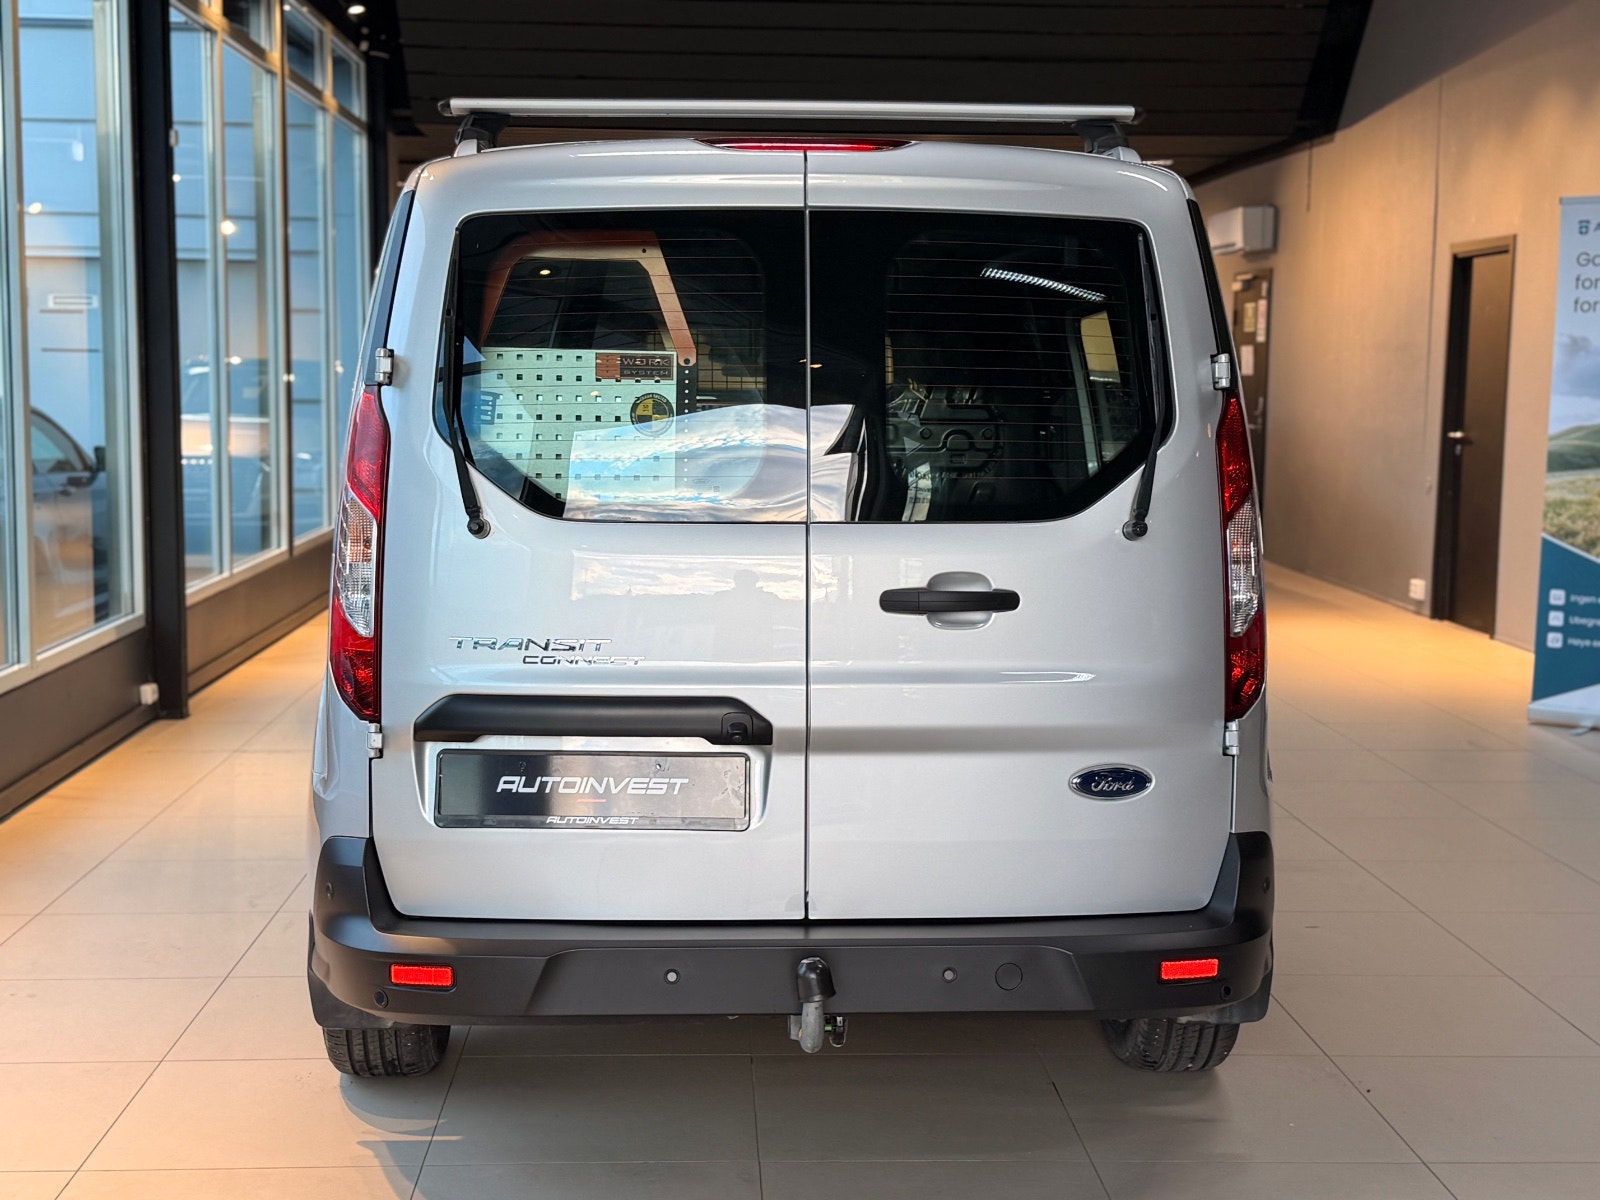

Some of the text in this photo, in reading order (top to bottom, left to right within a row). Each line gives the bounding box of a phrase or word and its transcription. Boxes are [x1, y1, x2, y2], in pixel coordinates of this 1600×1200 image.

[622, 358, 669, 366] WORK
[448, 636, 613, 652] TRANSIT
[522, 655, 646, 666] CONNECT
[496, 775, 689, 795] AUTOINVEST
[1091, 773, 1135, 792] Ford
[546, 816, 640, 826] AUTOINVEST
********************
- [Work task] Return all of the material above unchanged, minus its pictures.

- [Your solution]
Some of the text in this photo, in reading order (top to bottom, left to right within a row). Each line gives the bounding box of a phrase or word and its transcription. Boxes are [x1, y1, x2, y2], in pixel coordinates of this 1600×1200 image.

[622, 358, 669, 366] WORK
[448, 636, 613, 652] TRANSIT
[522, 655, 646, 666] CONNECT
[496, 775, 689, 795] AUTOINVEST
[1091, 773, 1135, 792] Ford
[546, 816, 640, 826] AUTOINVEST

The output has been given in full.